Iran drafts Saddam indictment
Iran said it would submit a complaint to the court trying Saddam Hussein over the 1980 invasion of Iran and the subsequent eight-year Iran-Iraq war.

Iranian foreign ministry spokesperson Hamid Reza Asefi told reporters on Sunday that Tehran had drafted a list of charges including use of chemical weapons against Iranian soldiers.
The United Nations in 1992 declared Iraq as the initiator of the Iran-Iraq war, following which Tehran demanded compensation.
Hundreds of thousands of Iranian troops were killed during the eight-year war, an estimated 40,000 of them by chemical weapons.
The war also devastated many border areas in the west and south-west of the country, including the strategic port towns of Abadan and Khoramshahr.
Asefi also criticised Baghdad for omitting the Iran-Iraq war from the list of charges against the ex-Iraqi president, which cover alleged crimes against humanity spanning three decades of the former government.
Iraq talks
The news came as Iran received Syrian President Bashar al-Asad on Sunday for a two-day state visit expected to concentrate on developments in Iraq and Palestine.
Asad will meet with his Iranian counterpart, Muhammad Khatami, where the handover of power by the United States to the Iraqi interim government topping the agenda.
“Unfortunately, the Israelis are active in northern parts of Iraq and their presence poses a serious threat to Iranian and Syrian security” Ahmad al-Hasan, |
Khatami on Saturday promised the United Nations his country would fully support the new Iraqi administration.
He also condemned the violence in general and against foreign captives.
When asked if the two sides would discuss their possible role in Iraq with multinational forces, the minister said it was “still too soon to comment on this”.

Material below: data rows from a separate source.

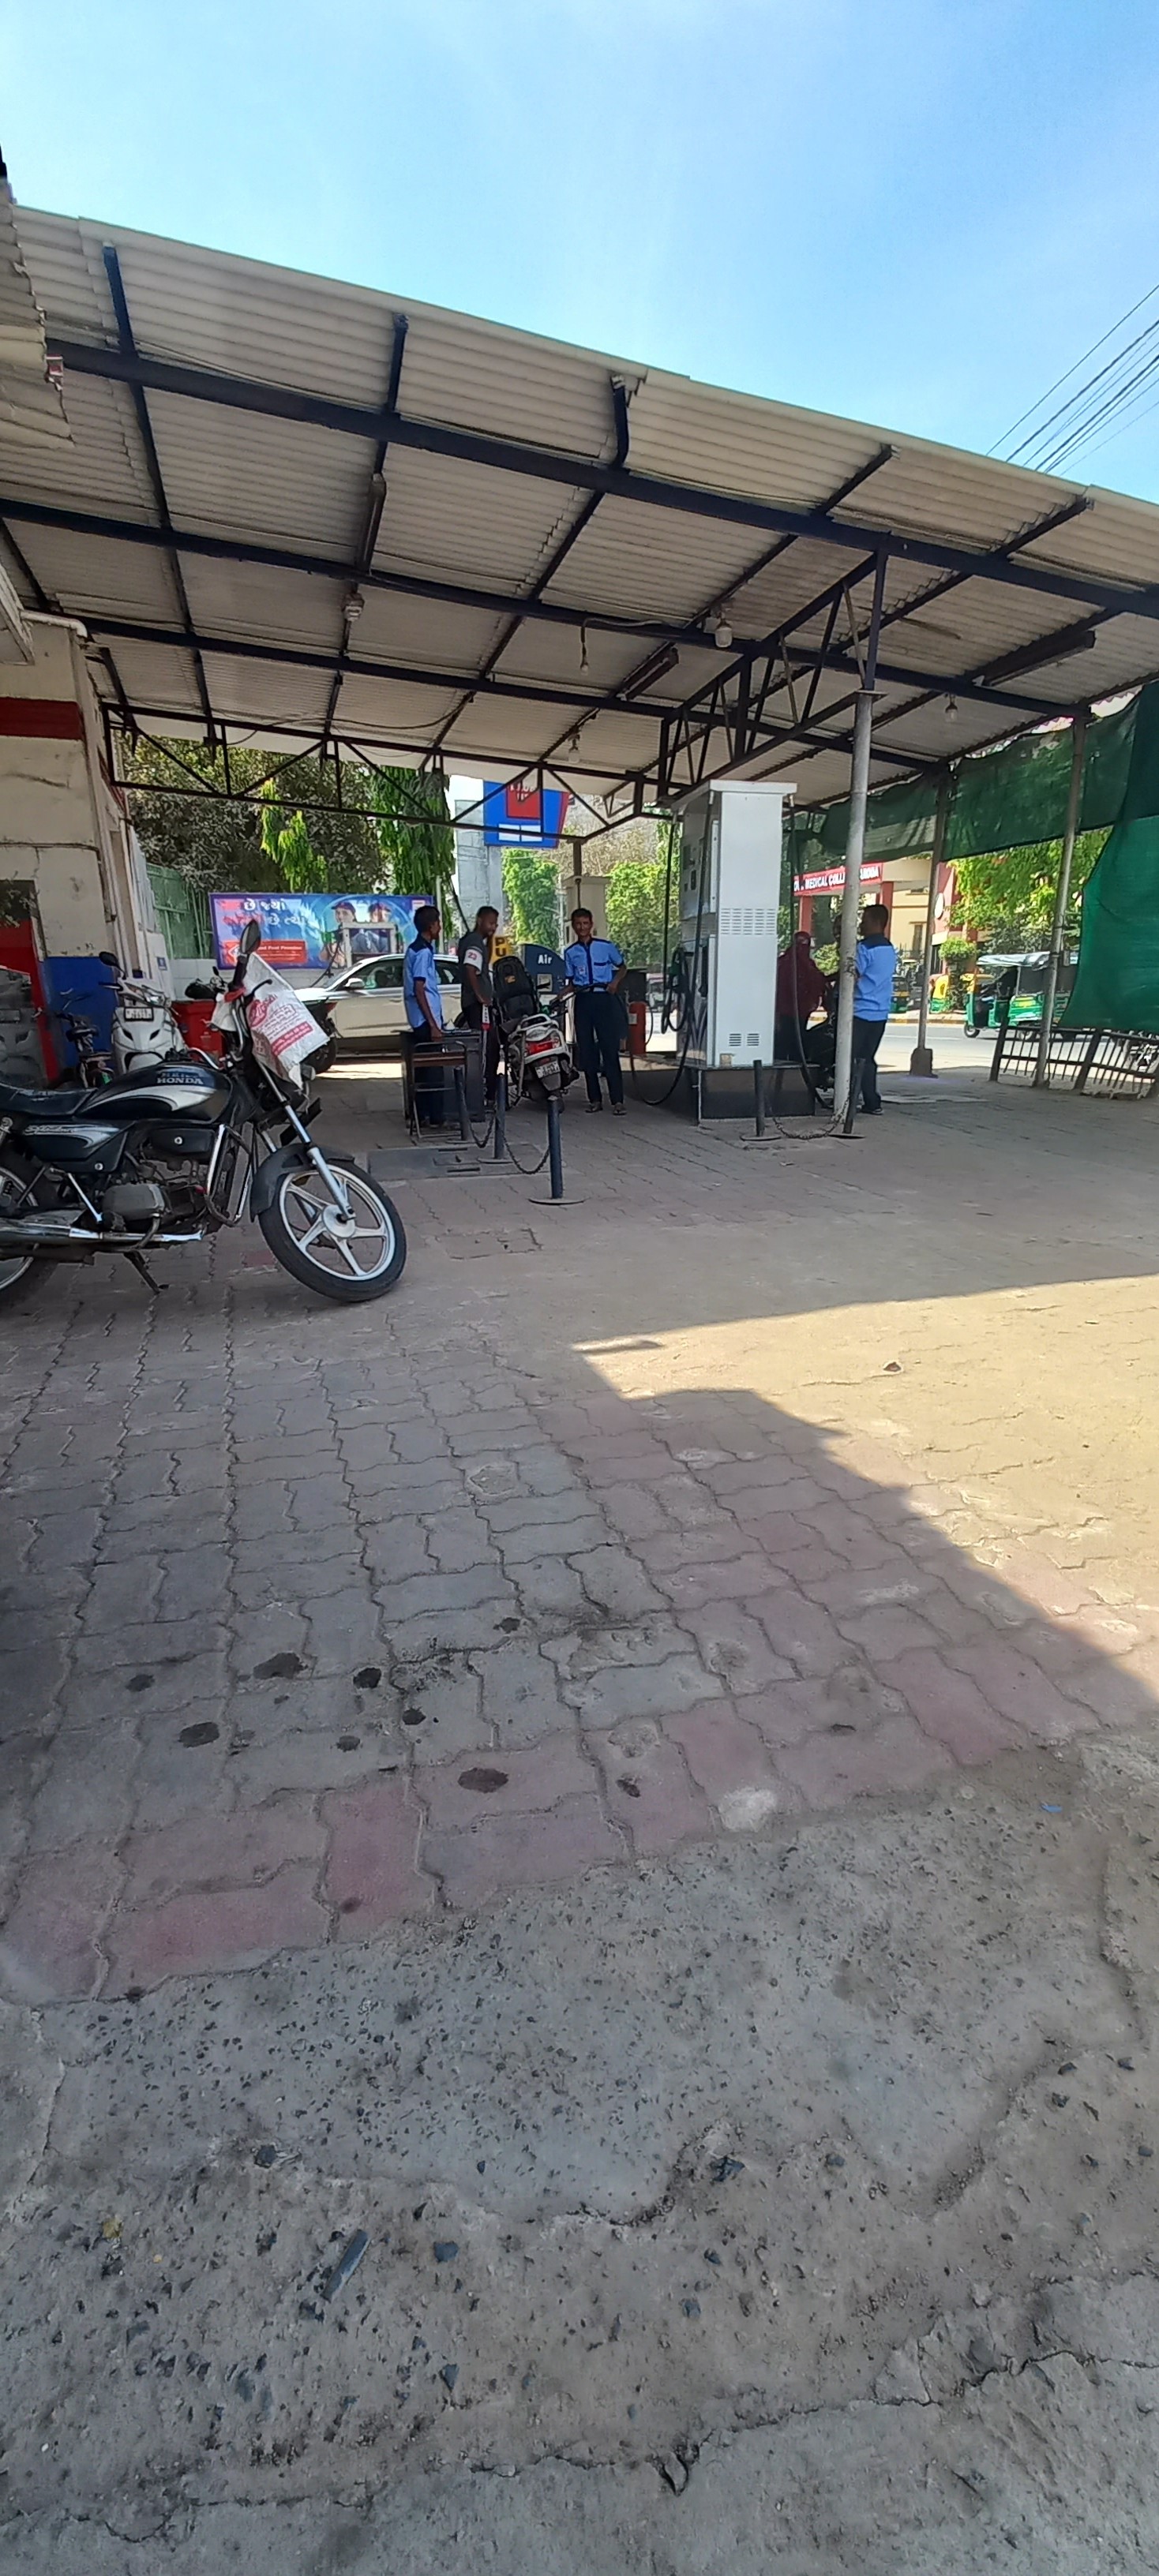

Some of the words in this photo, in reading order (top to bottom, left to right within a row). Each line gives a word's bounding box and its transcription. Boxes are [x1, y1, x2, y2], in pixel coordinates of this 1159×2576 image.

[805, 876, 828, 889] MEDICAL
[828, 872, 846, 886] COLL
[538, 954, 553, 964] Air
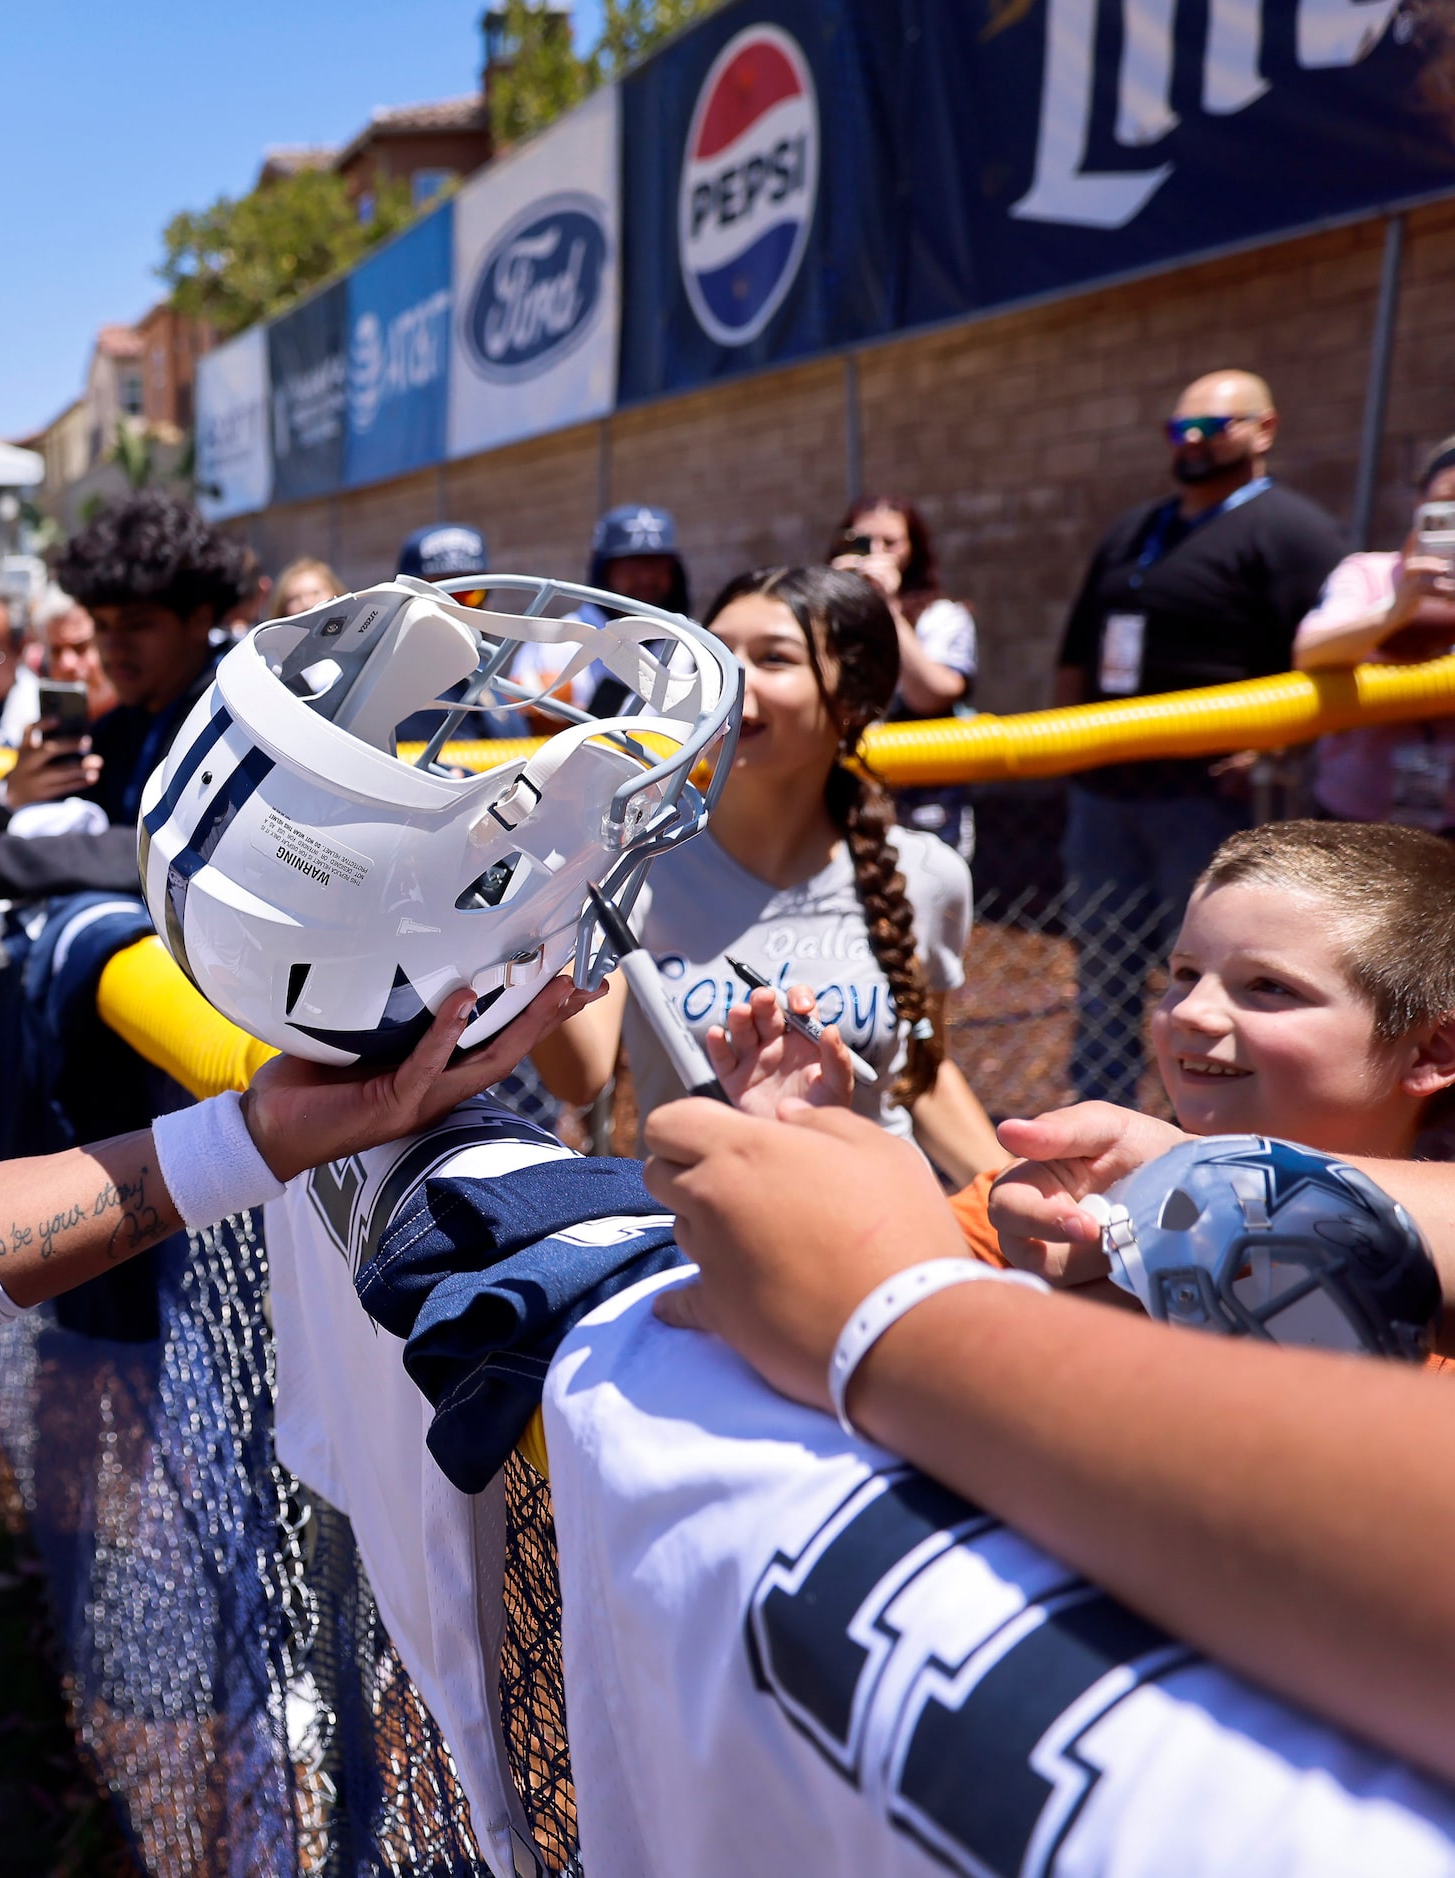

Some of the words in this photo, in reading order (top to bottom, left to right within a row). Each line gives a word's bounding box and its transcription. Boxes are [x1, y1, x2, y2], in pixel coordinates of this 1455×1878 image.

[690, 134, 809, 239] PEPSI
[480, 225, 587, 359] Ford
[277, 827, 285, 835] USE
[284, 823, 292, 832] THIS
[293, 829, 304, 838] WEAR
[287, 834, 296, 842] FOR
[282, 839, 298, 851] DISPLAY
[298, 841, 319, 855] INTENDED
[298, 849, 307, 857] FOR
[276, 846, 330, 886] WARNING
[313, 858, 331, 870] HELMET
[330, 859, 352, 874] DESIGNED
[341, 857, 368, 874] PROTECTIVE
[332, 868, 350, 880] REPLICA
[350, 878, 360, 886] THIS
[10, 1222, 33, 1253] be
[39, 1204, 85, 1259] your
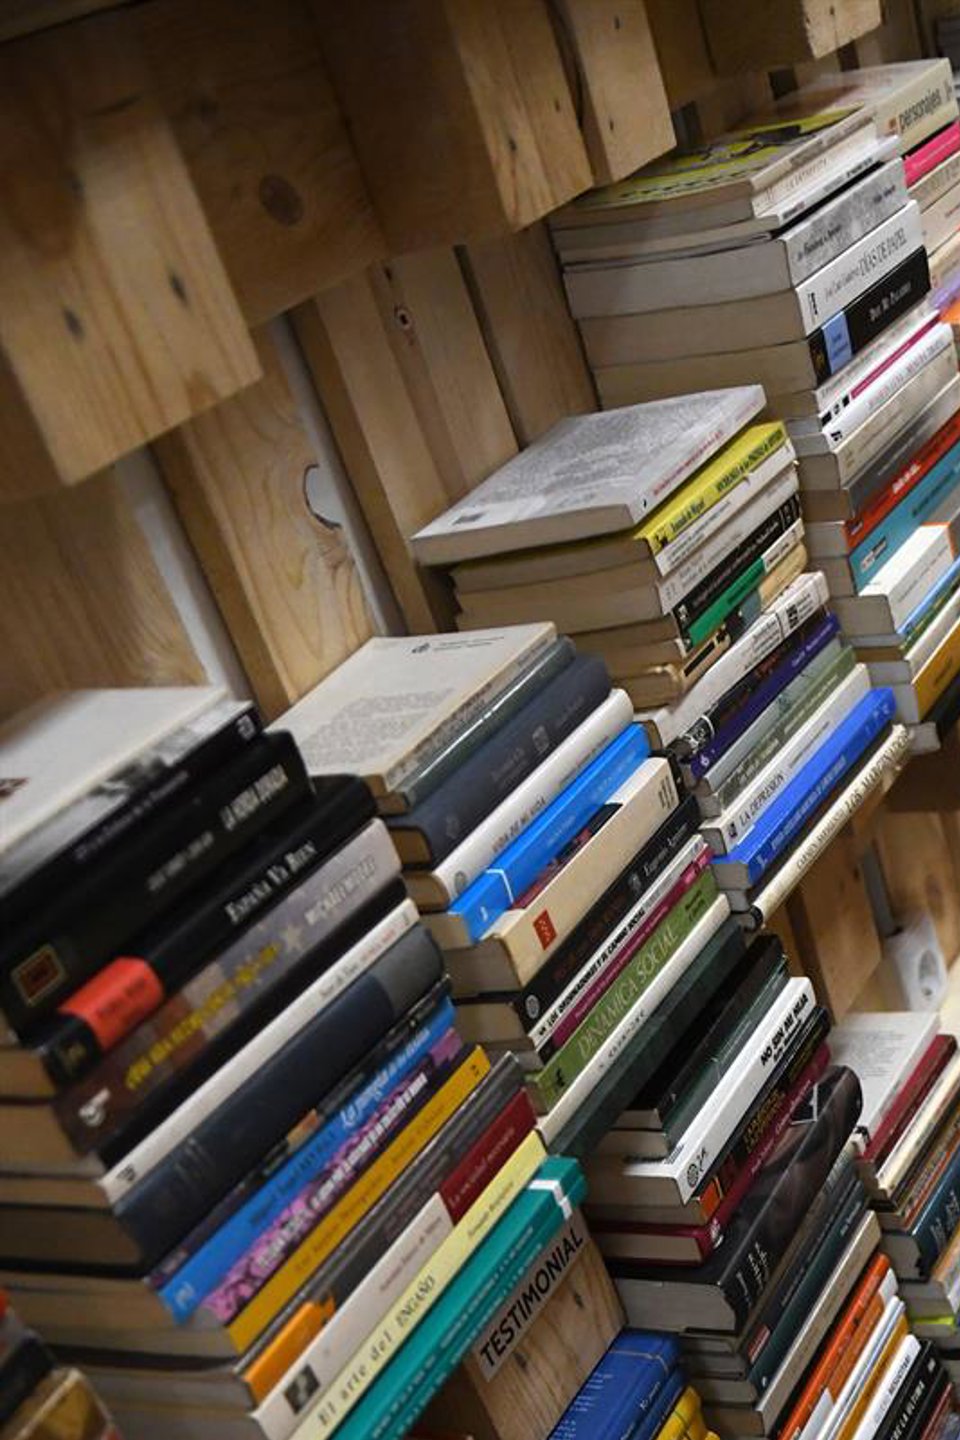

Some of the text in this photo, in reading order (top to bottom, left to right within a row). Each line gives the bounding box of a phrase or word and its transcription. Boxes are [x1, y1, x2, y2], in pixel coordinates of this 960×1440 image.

[480, 1229, 583, 1368] TESTIMONIAL
[341, 1365, 369, 1394] arte
[371, 1332, 393, 1362] del
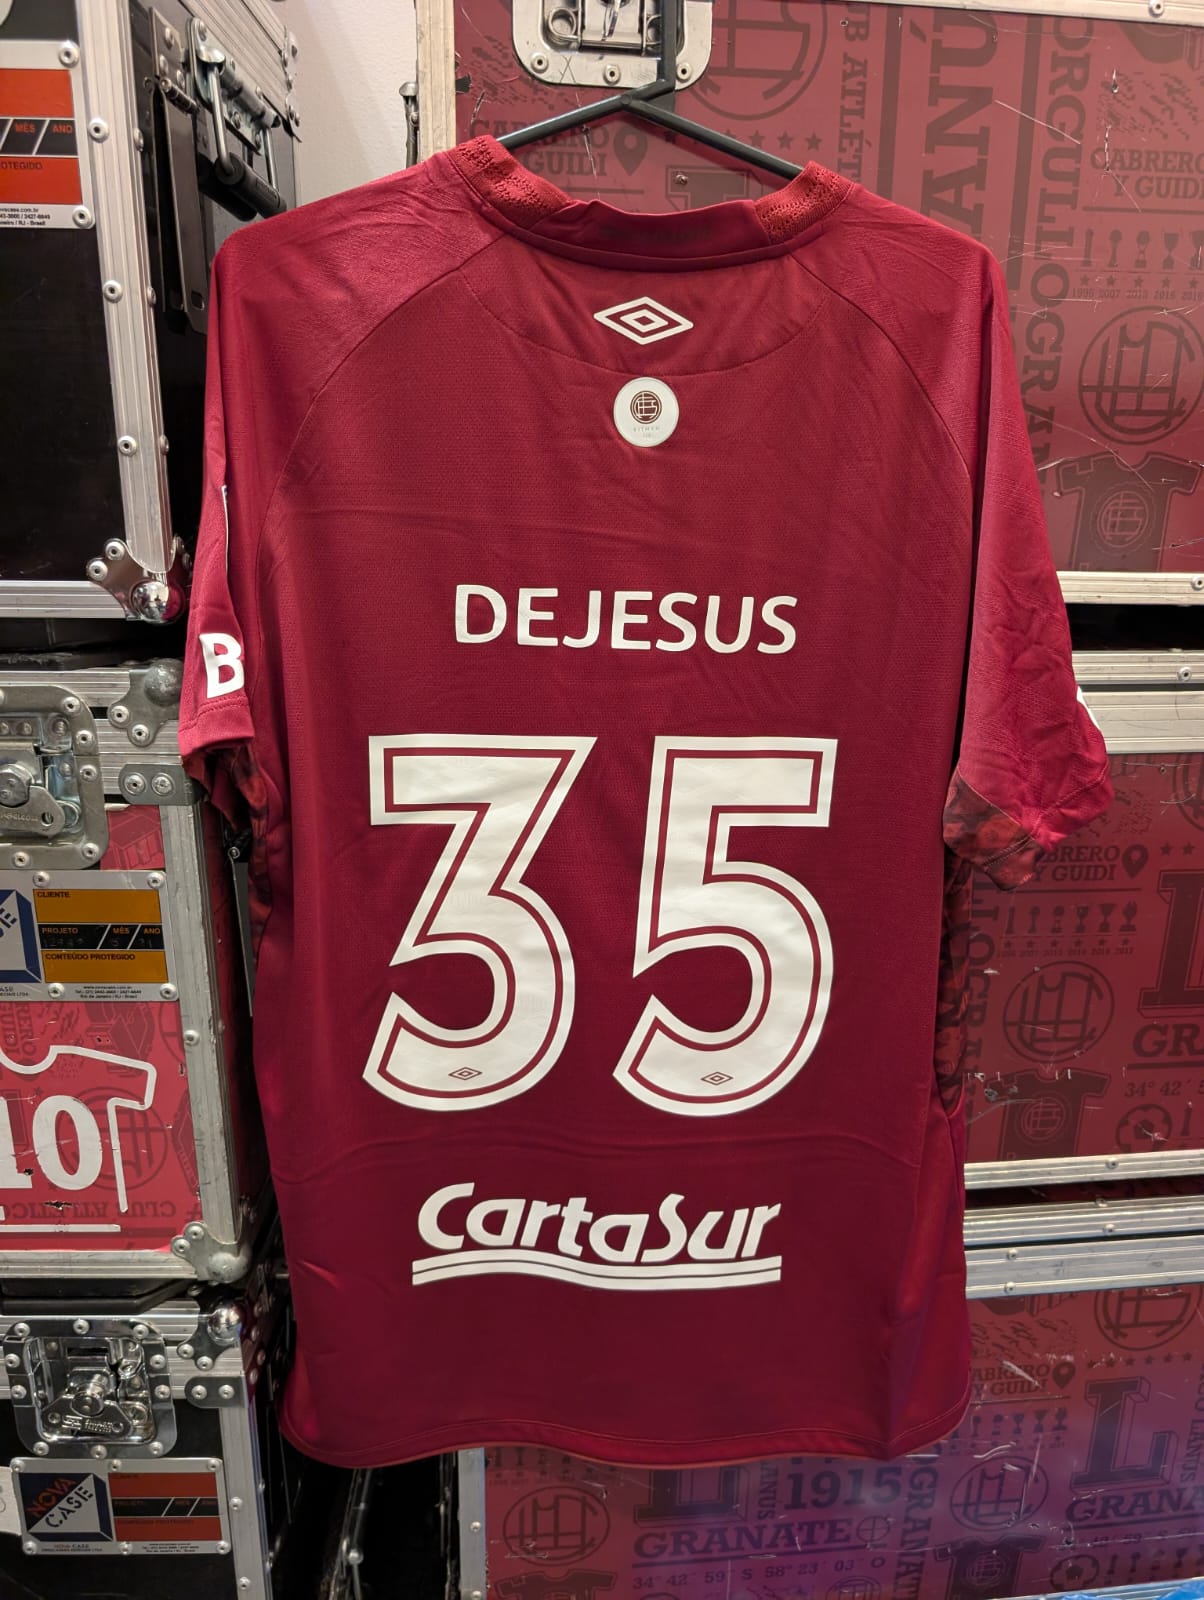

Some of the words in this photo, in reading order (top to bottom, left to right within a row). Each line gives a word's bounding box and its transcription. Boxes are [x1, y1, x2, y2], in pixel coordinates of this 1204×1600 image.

[52, 124, 73, 134] ANO
[1113, 175, 1129, 196] Y
[454, 583, 798, 655] DEJESUS
[199, 632, 245, 698] B
[1051, 864, 1118, 882] GUIDI
[42, 927, 79, 935] PROJETO
[112, 926, 131, 934] MÊS
[143, 927, 161, 935] ANO
[362, 733, 839, 1117] 35
[90, 953, 136, 961] PROTEGIDO
[417, 1182, 782, 1264] CartaSur
[26, 1477, 77, 1518] NOVA
[45, 1486, 94, 1528] CASE
[783, 1466, 902, 1511] 1915
[634, 1518, 854, 1559] GRANATE

“Any decision should be made within the framework of joint consultations with all the neighbours of Iraq, or in the framework of the Arab League,” he added.
Al-Asad, on his third visit to the Islamic republic since taking office in 2000, was accompanied by a high-level delegation, including Vice President Abd al-Halim Khaddam and Foreign Minister Faruq al-Shara.
Israeli interference
In a separate report, Syrian Information Minister Ahmad al-Hassan told the Iranian state news agency IRNA that Al-Asad would also be discussing the presence of Israeli forces inside Iraq.
“Unfortunately, the Israelis are active in northern parts of Iraq and their presence poses a serious threat to Iranian and Syrian security,” he said.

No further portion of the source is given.